Red Echo

December 31, 2015

two projects:
– router sets up first VM, exposes libvirtd proxy, launches boot process; implements firewall policies between fleet VMs
– shell implementation (bash fork? just posix sh? something new?) uses DNS-SD to locate libvirtd proxy, implements process management in terms of VMs

then, port/compile the programs I want to use as unikernel VM images.

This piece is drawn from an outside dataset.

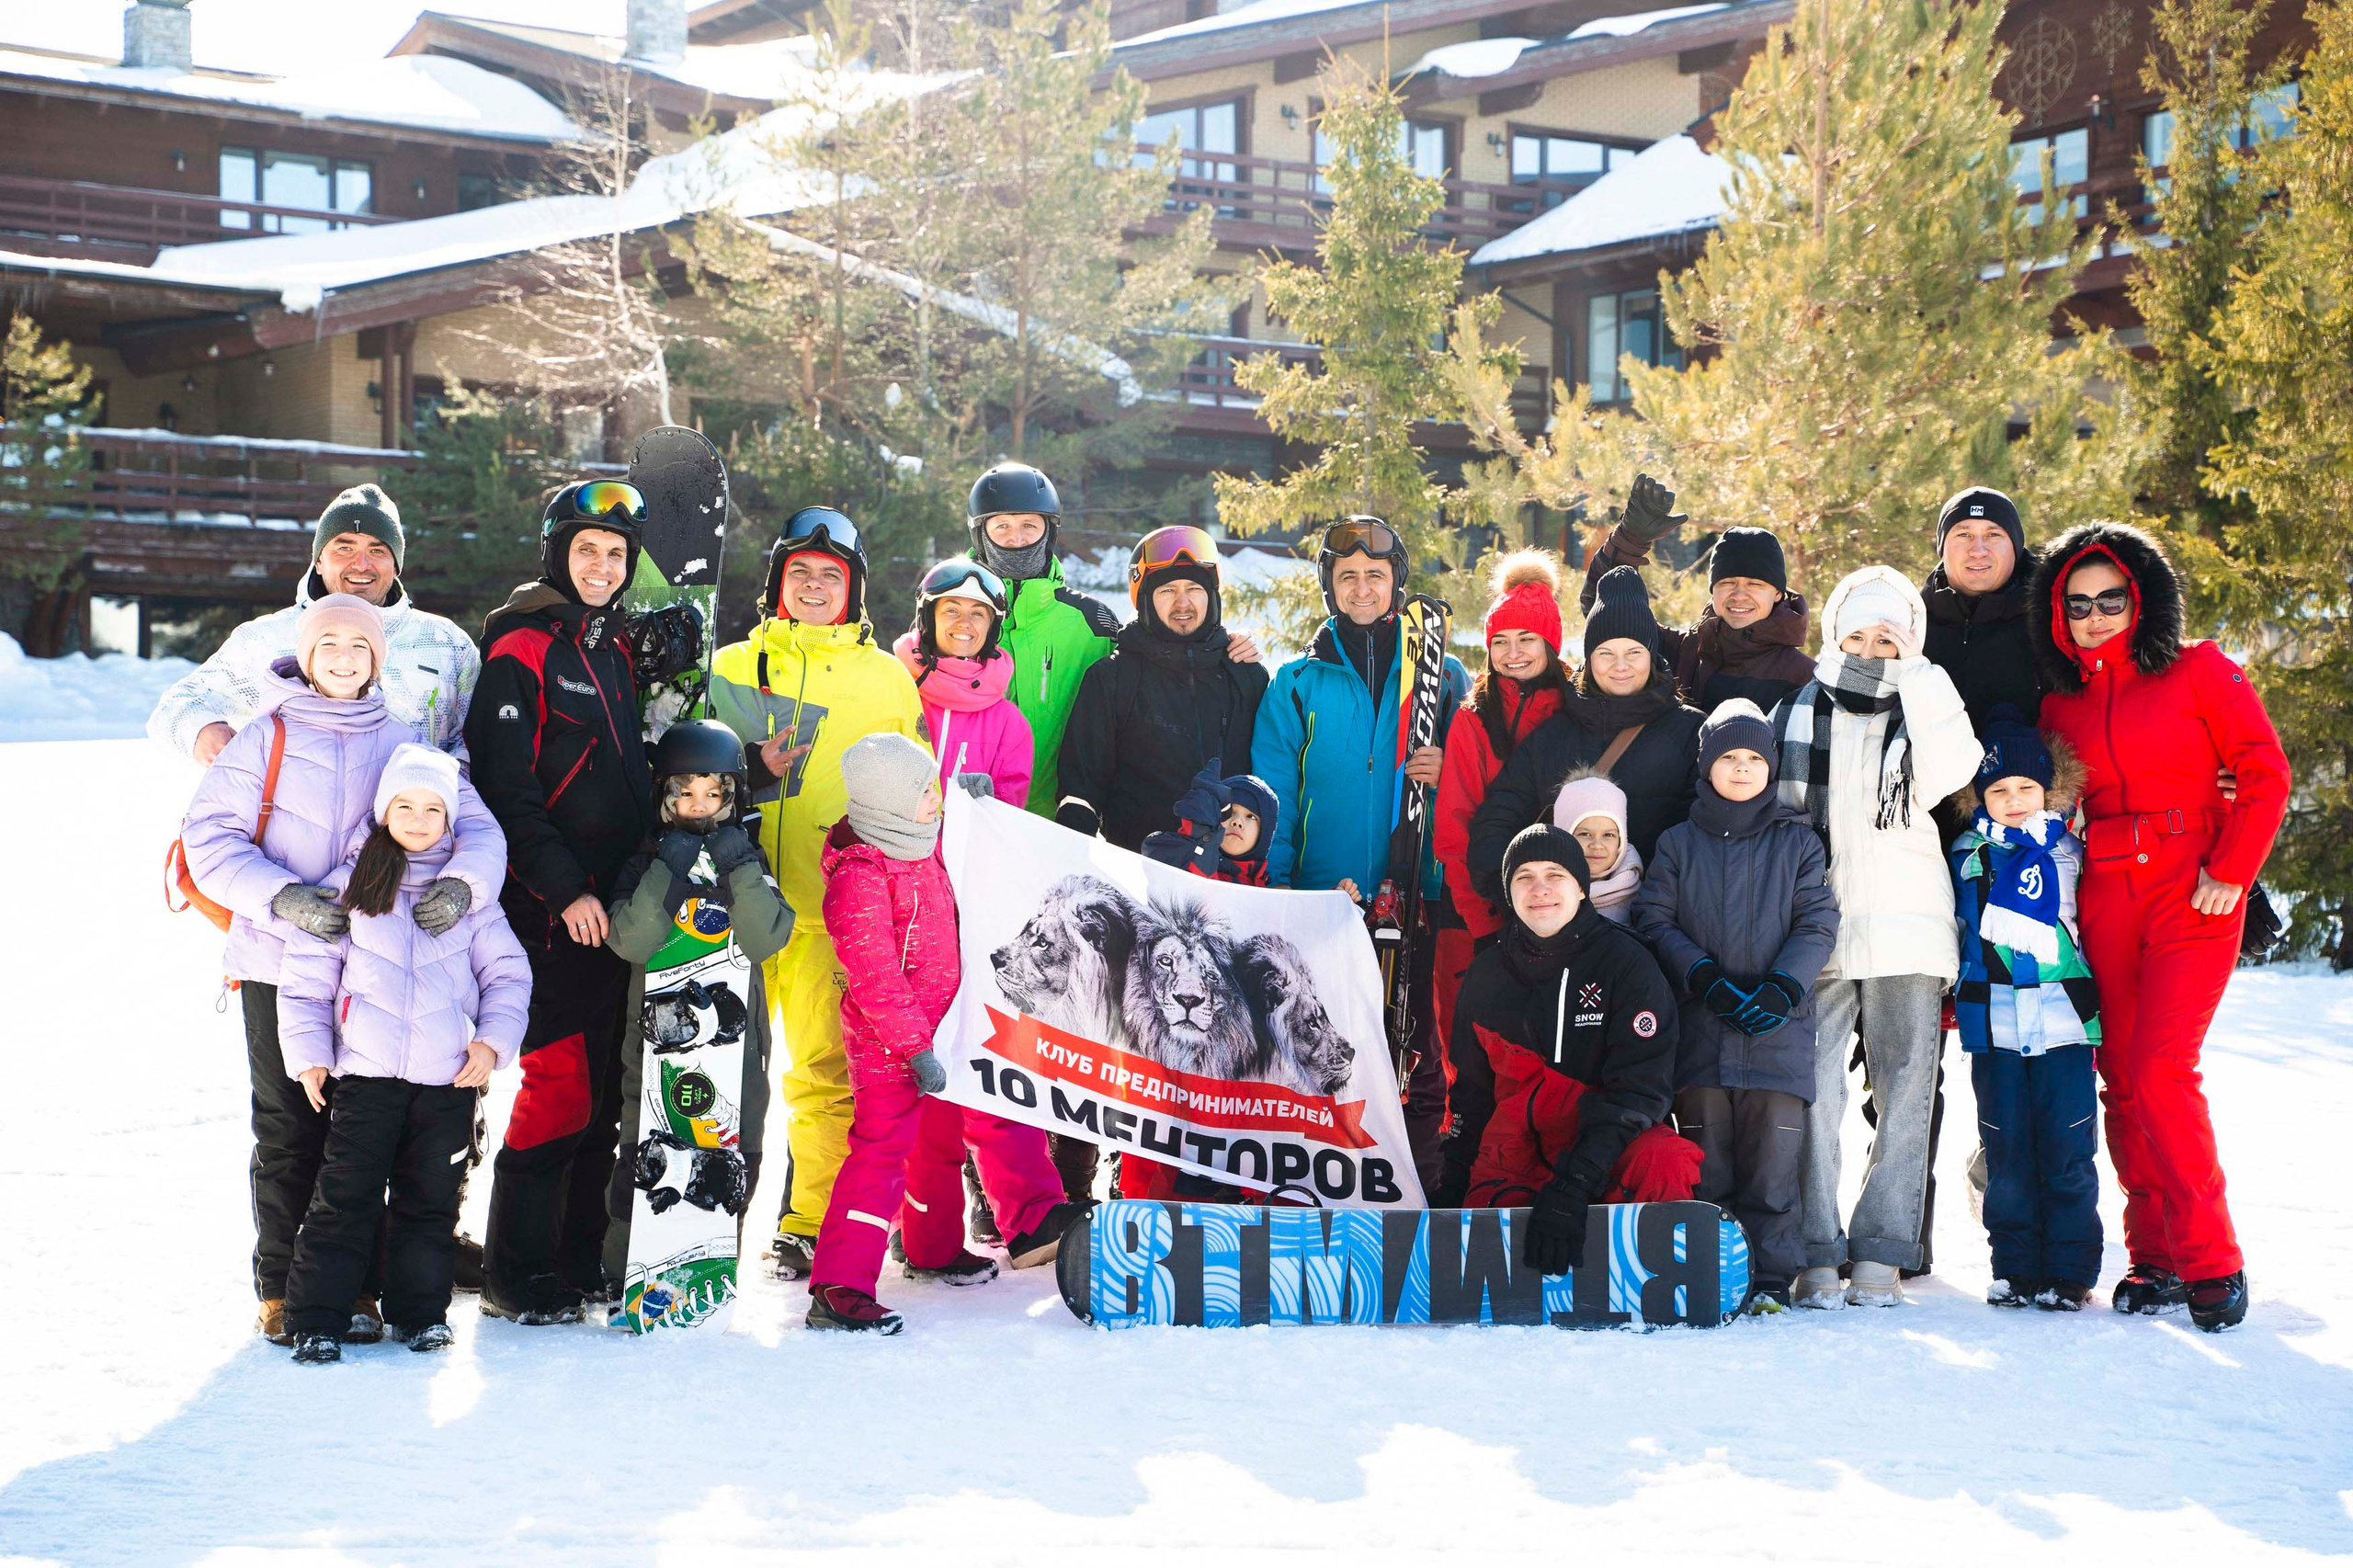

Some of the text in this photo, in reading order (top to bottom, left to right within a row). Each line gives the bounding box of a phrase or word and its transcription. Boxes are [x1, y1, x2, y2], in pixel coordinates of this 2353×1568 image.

I’ve made significant progress toward the completion of a new, non-POSIX-oriented unikernel library in the form of a baremetal C99 runtime, but even as I’m cruising down the home stretch I think I will put the project aside. Sure, my unikernel library would be tighter and lighter than the rest, if I finished it, but it really doesn’t add all that much, and working on it means I haven’t been making any progress on the stuff that is truly unique to my vision.

IncludeOS is marketed as a cloud-service tool, but when I look at what they’re actually building, it looks very much like what I’m doing. Their project is C++, mine is C; their architecture is a bit more full-featured, where mine is deliberately minimal… but it’s still basically the same idea, and I generally agree with all of their architectural choices. So… why not join forces? I can always dust off my fleet-kernel later, if there’s some problem it would solve better; one of the great things about this VM/unikernel architecture is that you can have as many kernel architectures as you like running simultaneously.

The part I really need to build, in order to get my vision for fleet off the ground, is the router/shell system that will make unikernel-based programs useful as everyday workstation tools. I’ve grown increasingly antsy as development of my unikernel library has dragged on, preventing me from getting to the shell; it’s time to refocus and get on with it.

Maybe I can contribute some of my stuff to IncludeOS along the way, too.

December 14, 2015

Useful information about electric bicycle commuting in Seattle, including links to relevant RCW statutes and recommendations for equipment.

December 9, 2015

I miss the web. I didn’t expect it to be over so quickly. What’s next, I wonder? Should we try to build another one, or is the concept fundamentally flawed?